L’Observatoire des inégalités -tout un programme…- vient de faire paraître son « Rapport sur les riches en France » dont il est indiqué qu’il s’agit de la première édition et qui en appellera sans doute beaucoup d’autres (Anne Brunner & Louis Maurin (dir.), Rapport sur les riches en France », Observatoire des inégalités, 2020, 101 p.). Concentrons-nous sur sa substantifique moelle.
Qu’est-ce qu’un riche ?
Alors que les études sur les pauvres et la pauvreté pullulent, les auteurs s’étonnent du peu d’intérêt que suscitent les riches en France du point de vue sociologique.

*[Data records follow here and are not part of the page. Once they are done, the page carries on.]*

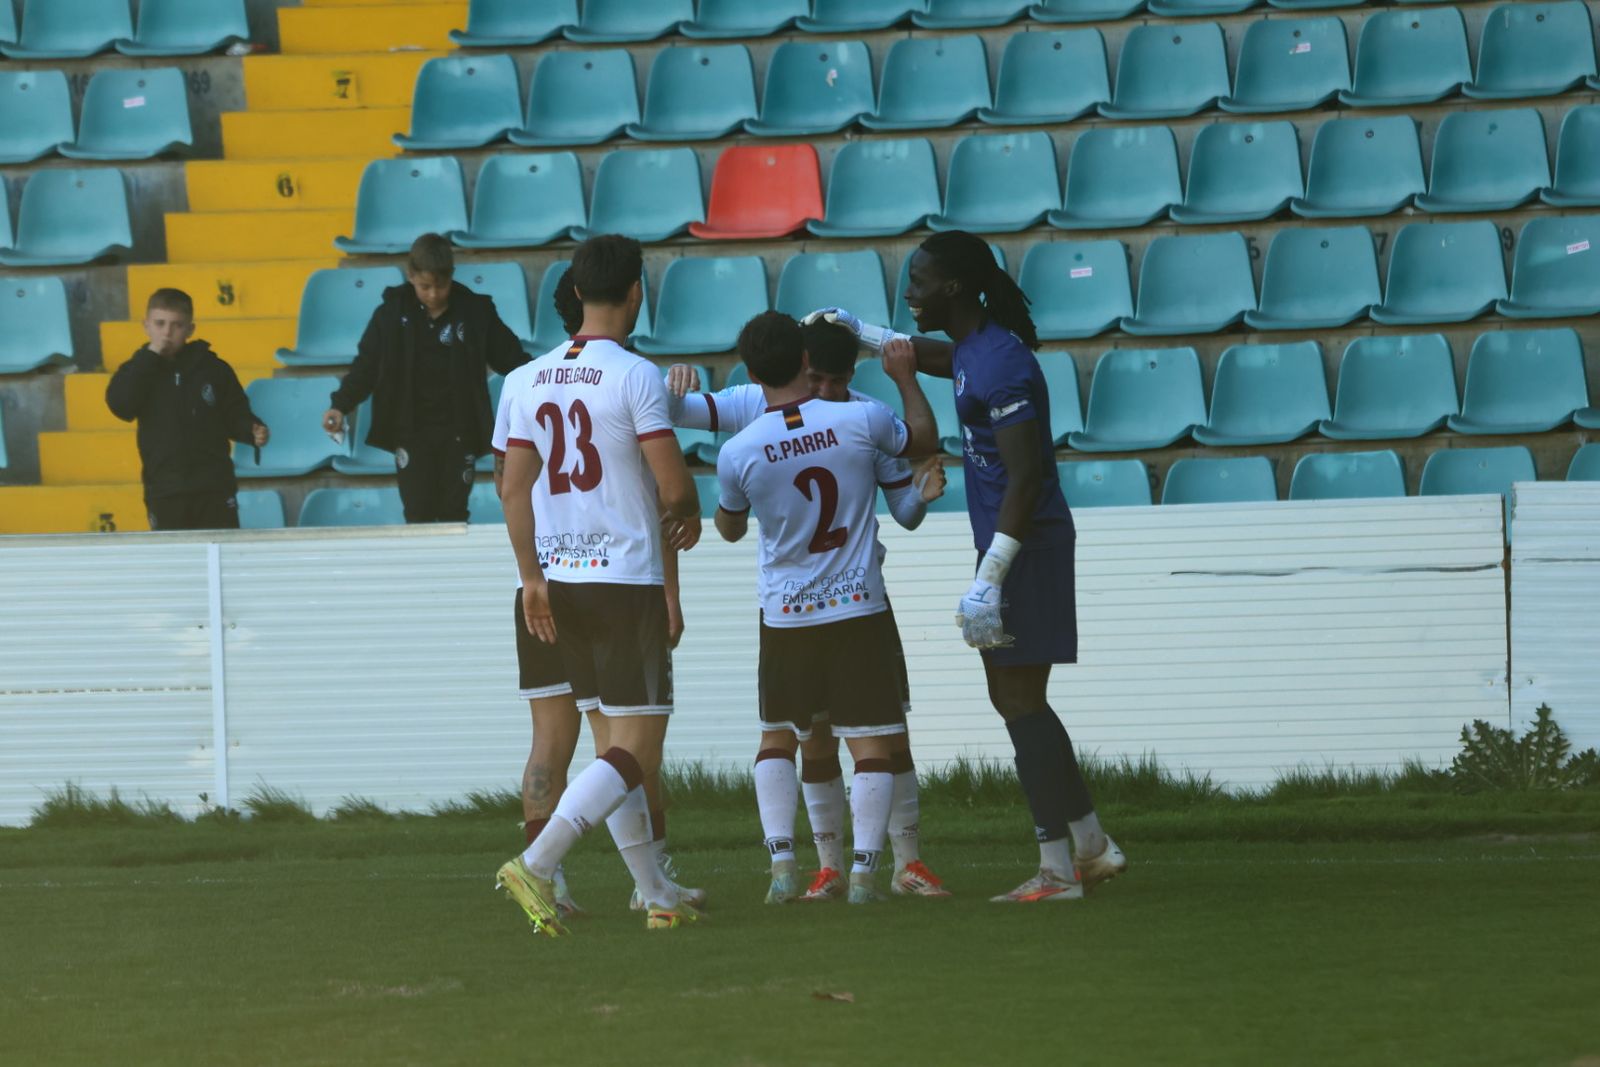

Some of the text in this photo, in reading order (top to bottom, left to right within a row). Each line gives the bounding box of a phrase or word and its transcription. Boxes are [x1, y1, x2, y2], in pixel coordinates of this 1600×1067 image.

[276, 173, 294, 198] 6
[1374, 232, 1388, 255] 7
[1502, 227, 1515, 250] 9
[532, 367, 603, 388] AVI DELGADO
[535, 398, 603, 496] 23
[763, 428, 839, 464] C.PARRA
[793, 466, 848, 555] 2
[782, 581, 869, 605] EMPRESARIAL

L’objet est de combler une partie du vide en esquissant un portrait des riches en France (p. 4), sous deux angles qui constituent les parties du rapport : les revenus et la fortune.

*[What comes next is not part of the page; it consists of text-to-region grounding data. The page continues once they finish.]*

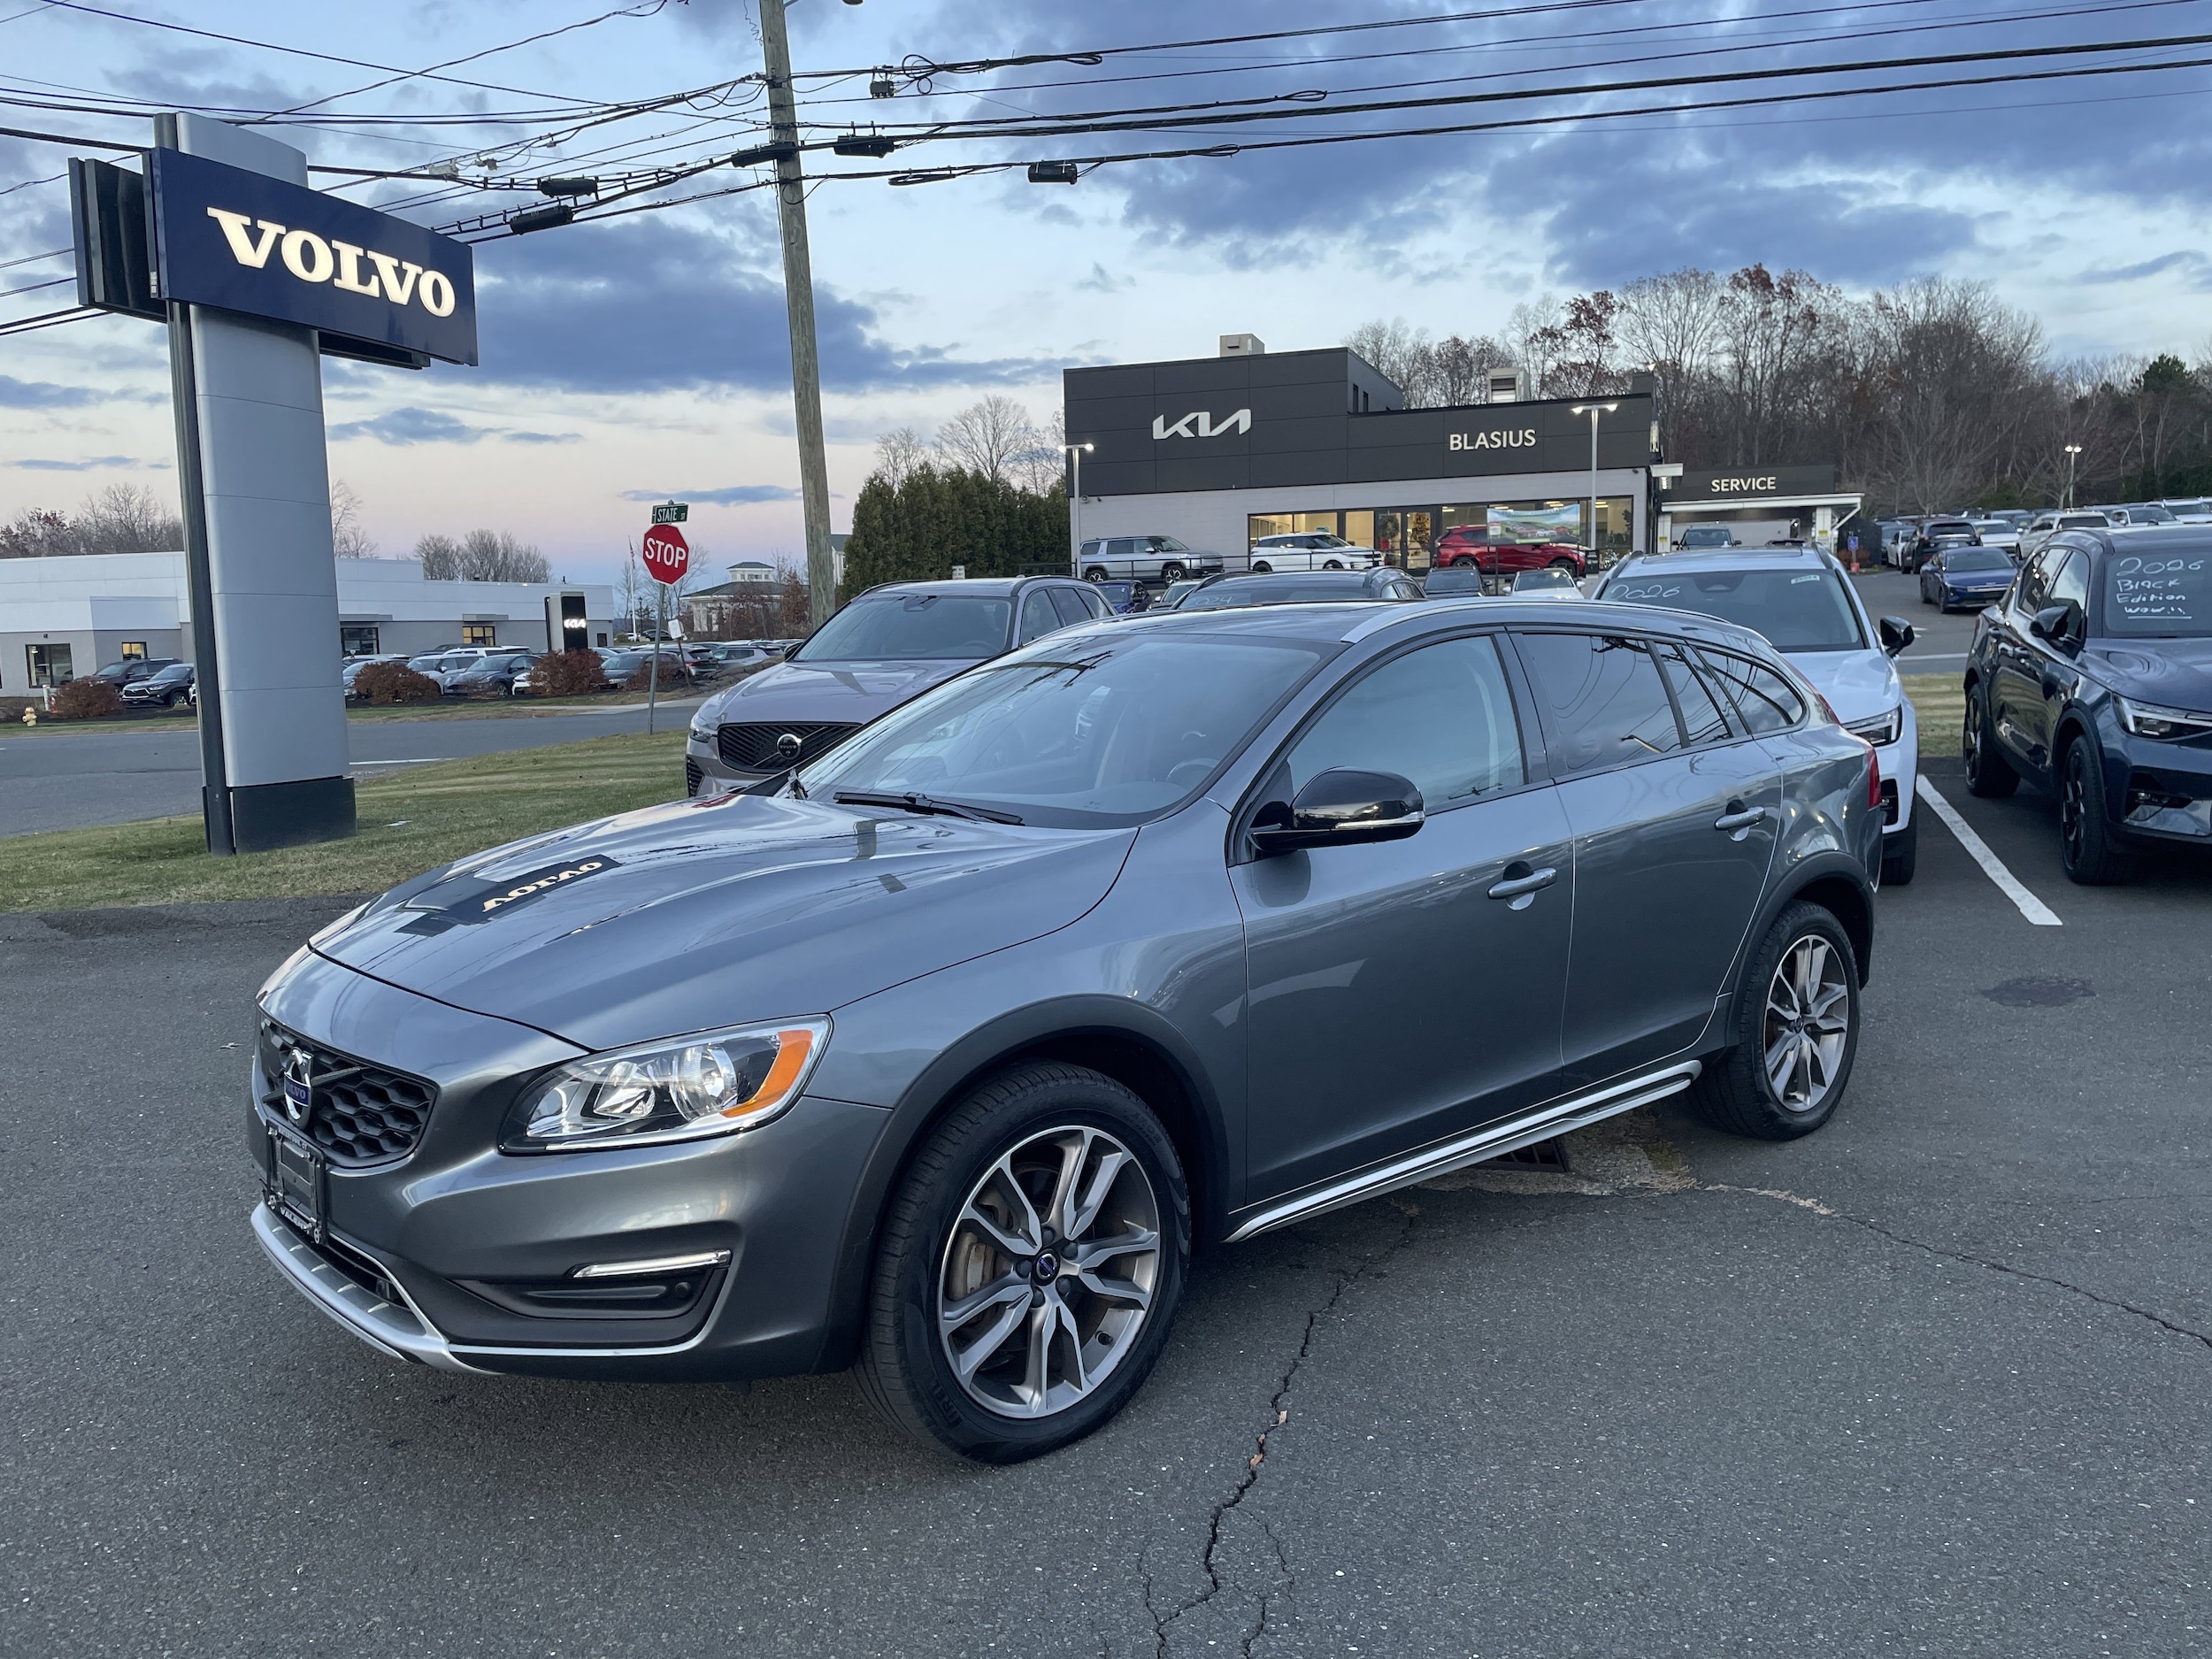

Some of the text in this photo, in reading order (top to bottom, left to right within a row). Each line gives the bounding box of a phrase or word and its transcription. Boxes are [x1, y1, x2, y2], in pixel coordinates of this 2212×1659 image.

[206, 206, 456, 318] VOLVO
[1152, 409, 1251, 440] KIA
[1448, 429, 1537, 451] BLASIUS
[1710, 477, 1777, 493] SERVICE
[657, 508, 678, 522] STATE
[645, 537, 687, 568] STOP
[2116, 557, 2205, 577] 2026
[1610, 584, 1681, 600] 2026

Le rapport reconnaît qu’il n’existe pas de définition scientifique des riches. Il en propose, explicitement de manière subjective, une sous le double aspect des revenus et de la fortune. Est riche celui qui ne vit pas dans un autre monde certes, mais beaucoup plus largement celui qui se « détache du lot ». Pour cela, il faut « disposer chaque mois de deux fois plus que le niveau de vie médian -celui qui partage la population en deux-, soit 3.470 € pour une personne seule » (p.16), après impôts et prestations sociales (p. 17).

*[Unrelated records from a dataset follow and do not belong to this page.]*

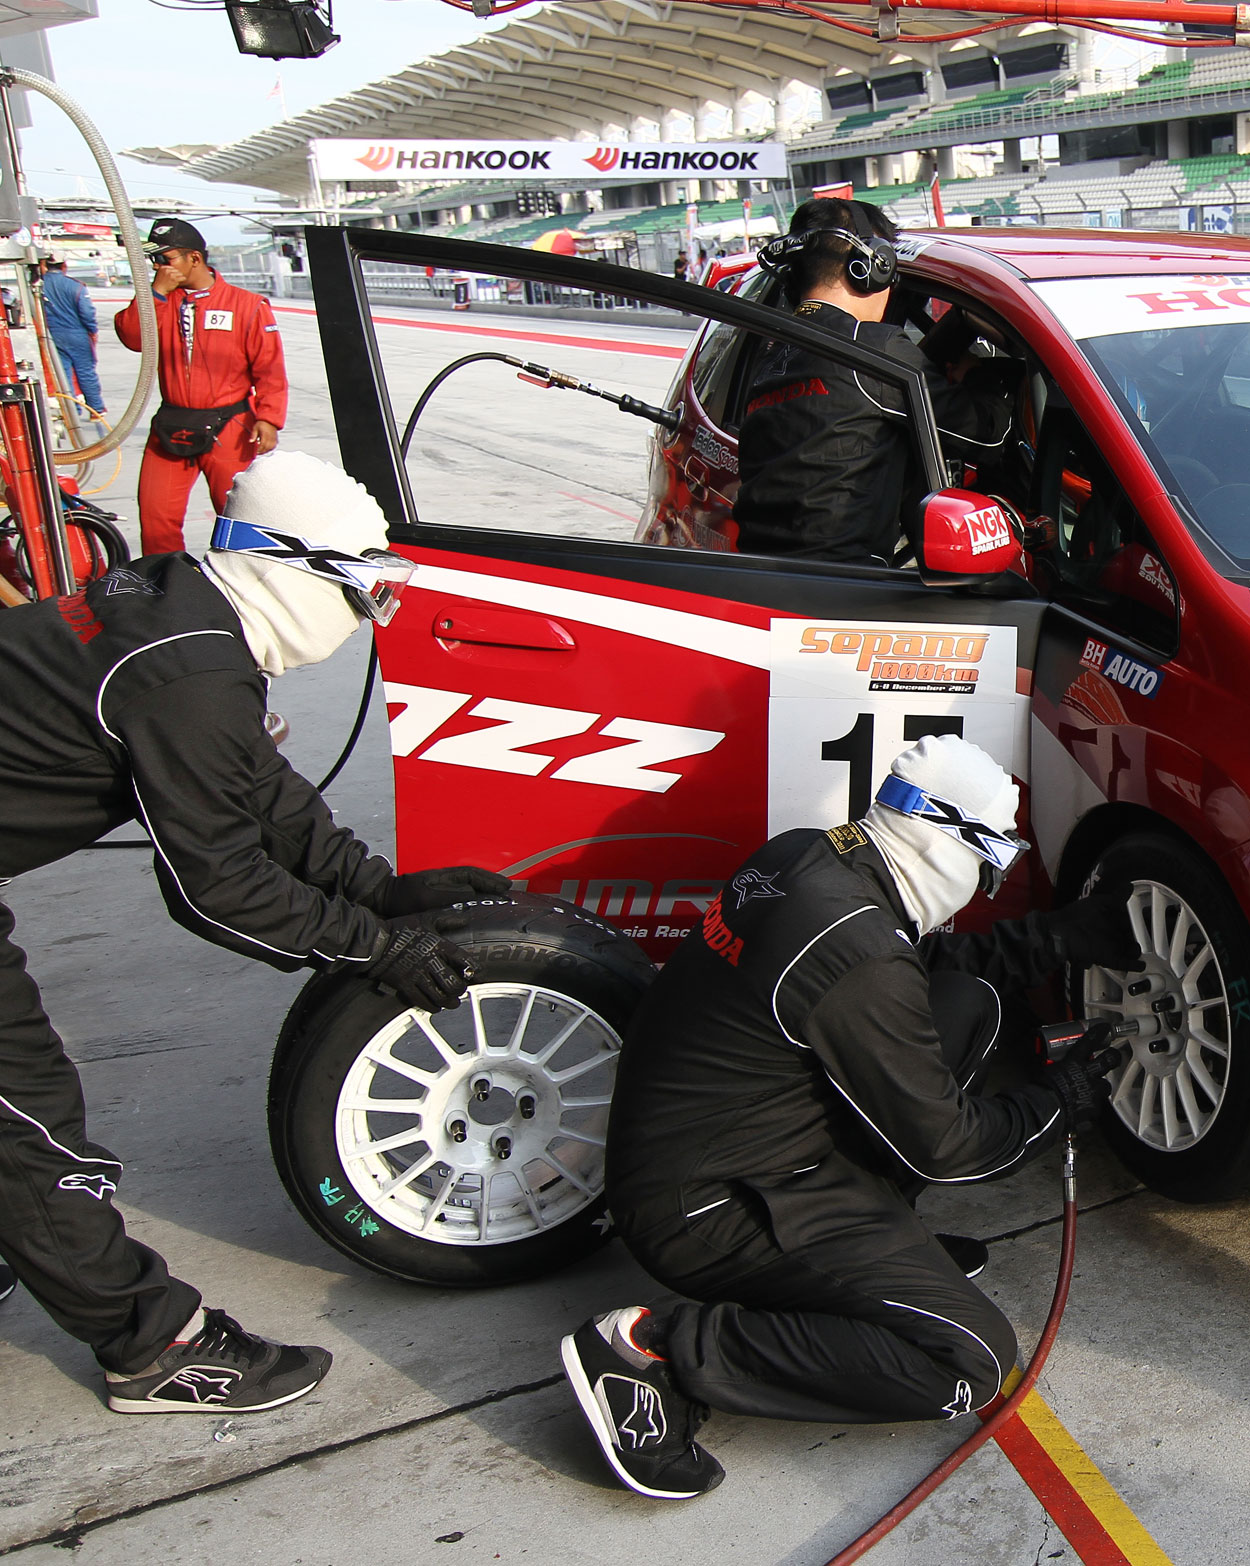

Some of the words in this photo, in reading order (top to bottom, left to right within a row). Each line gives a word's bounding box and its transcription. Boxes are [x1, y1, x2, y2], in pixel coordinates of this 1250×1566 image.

[210, 314, 226, 327] 87
[747, 378, 829, 416] HONDA
[967, 509, 1008, 543] NGK
[57, 590, 104, 644] ONDA
[799, 627, 990, 671] Sepang
[1082, 640, 1106, 665] BH
[1104, 654, 1158, 696] AUTO
[871, 662, 979, 682] 1000km
[821, 713, 964, 824] 1
[500, 879, 725, 917] MR
[653, 925, 692, 939] Rac

Les auteurs constatent ingénument que gagner 3.470 € par mois, ce qui correspond à 8,2 % de riches, est le fait de 5 millions de personnes en France… soit à peu près le nombre de pauvres (p. 28). « Etonnant hasard des choses », est-il écrit. Les auteurs n’en concluent pas que s’il y a 5 millions de pauvres, c’est qu’il y a 5 millions de riches, mais beaucoup sauteront le pas….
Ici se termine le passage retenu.